I begin this journey after realizing that I keep falling for emotionally unavailable alcoholics, most of whom are in love with someone else. But don't worry, that's not really what this blog is about (I hope!), no this blog is about me taking control of my life, and me figuring out that I'm pretty awesome, and someone out there is ganna get a chance to know it! So after a rough night, and a lot of thinking about if I really wanted to put myself out there, I decided it was time I try online dating, and thus, our story begins.

I told myself I would sign up for a dating site, and a blog, and look at it like a social experiment (finally using my degree in sociology for something important!) Last night I started my first step, and actually signed up for a dating site. I had tried a few things like Craigslist, and had checked out match.com, but both always felt weird. The site I signed up for was one I had joined freshamn year of college, back when it was more of a FriendsterBookSpaceJournal, and less of what it's grown into - it's as if Portland hipsters started a dating site that they wanted to be like Facebook, but sexier. A few friends of mine suggested it recently, and some people I know have even met really cool people that have turned into something serious. So I re-joined with a new username and a different mentality than before.

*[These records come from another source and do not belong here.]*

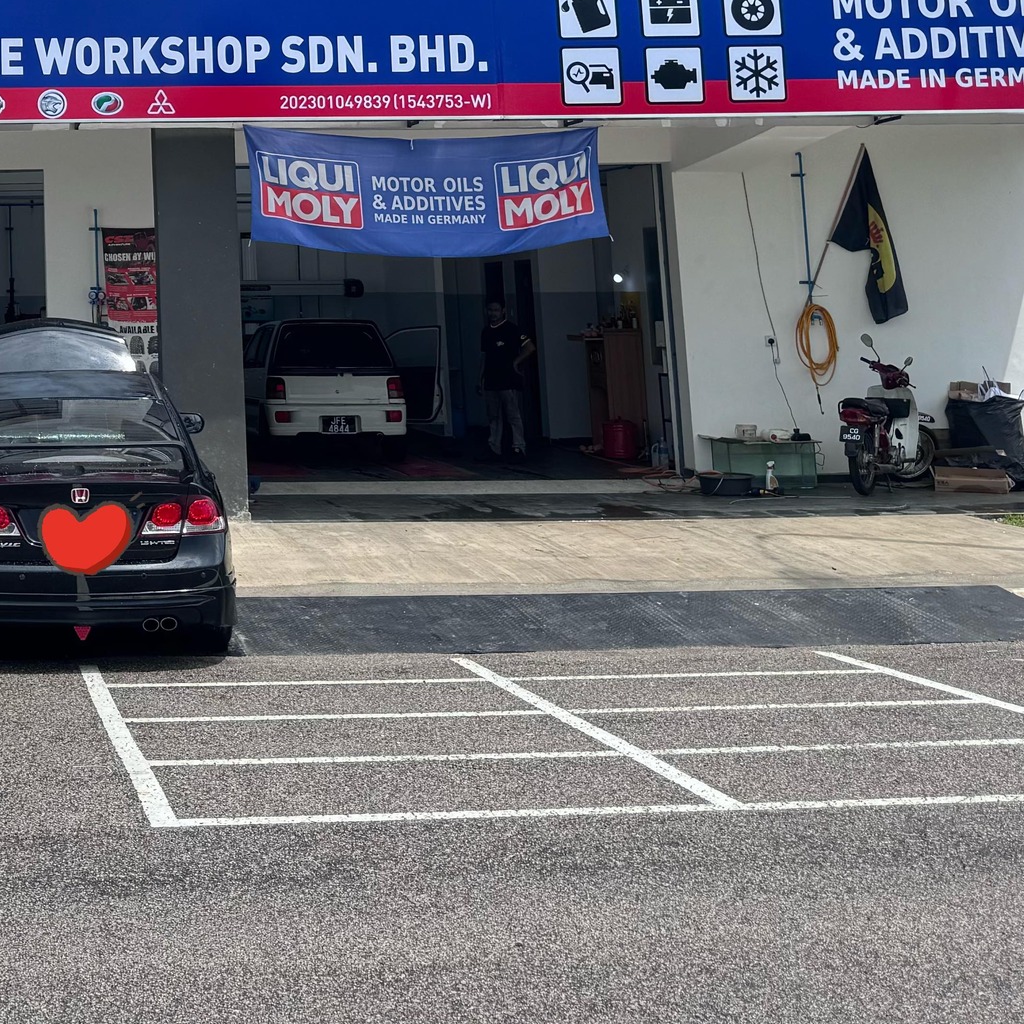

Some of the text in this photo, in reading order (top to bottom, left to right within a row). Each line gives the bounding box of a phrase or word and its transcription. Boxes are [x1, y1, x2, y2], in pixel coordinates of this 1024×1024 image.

[833, 25, 1024, 62] & ADDITIV
[34, 35, 271, 76] WORKSHOP
[280, 34, 377, 74] SDN.
[392, 34, 488, 73] BHD.
[837, 67, 1024, 90] MADE IN GERM
[262, 156, 355, 193] LIQUI
[500, 150, 588, 194] LIQUI
[371, 175, 484, 193] MOTOR OILS
[267, 188, 360, 225] MOLY
[372, 194, 486, 211] & ADDITIVES
[503, 182, 589, 226] MOLY
[374, 213, 486, 225] MADE IN GERMANY
[104, 252, 131, 262] CHOSEN
[132, 252, 142, 261] BY
[119, 325, 155, 334] AVAILABLE
[328, 424, 350, 433] 4844
[330, 416, 347, 425] JFE
[842, 433, 861, 441] 9540

Filling out all the questions and essay "about me" stuff was weird. How much do I write? How much do I open up? Are people going to read all this? Too much and you loose interested, too little and maybe someone's going to look right past it. You want to be intriguing, smart, funny, and as honest about yourself as possible without giving too much away, but without missing anything either. It's like writing a sales pitch for yourself...kinda creepy. They want to know too much it seems, isn't all this stuff what we're supposed to learn about each other over dinner? I don't think it matters if we have the same favorite food, and if our hobbies are different, maybe we can learn something new from each other!

But I digress...

So I fill out their essays, answer their questions, upload pictures, and I'm ready! Within 10 minutes I already had a message from a girl, just a quick flirt. Within an hour another guy sent me a message letting me know him and his girlfriend would be interested in hooking up with me sometime, and by morning I had a long rambling message from a very cute lesbian, whom I didn't get to write back till this evening.

But it isn't easy. You have to click on people, weed through them, and actually interact if you want something to happen. I don't know how I feel about online dating. I've never dated in general, and my sometimes-low-self-esteem doesn't want people to be disappointed when I show up for a date...which is silly because I know I'm awesome, and pretty, and totally fun...but still...people are vein and mean. I should know, I am myself from time to time. But I'm going to put in the effort to see what's out their. For the sake of my social experiment I intend on replying to as many messages as I can/feel are sincere/don't freak me out (I'll get back to you on the 3-some) and will work my way up to being the first to send a message. I will search through the thousands of singles, I will send flirts or winks or woos or whatever it is I'm supposed to do to match up with someone. And hopefully I will go on some dates. And hopefully they will be entertaining enough for me to want to write about them, and for you to want to read them.

Enjoy my misadventures in online dating! It's going to be a fun summer!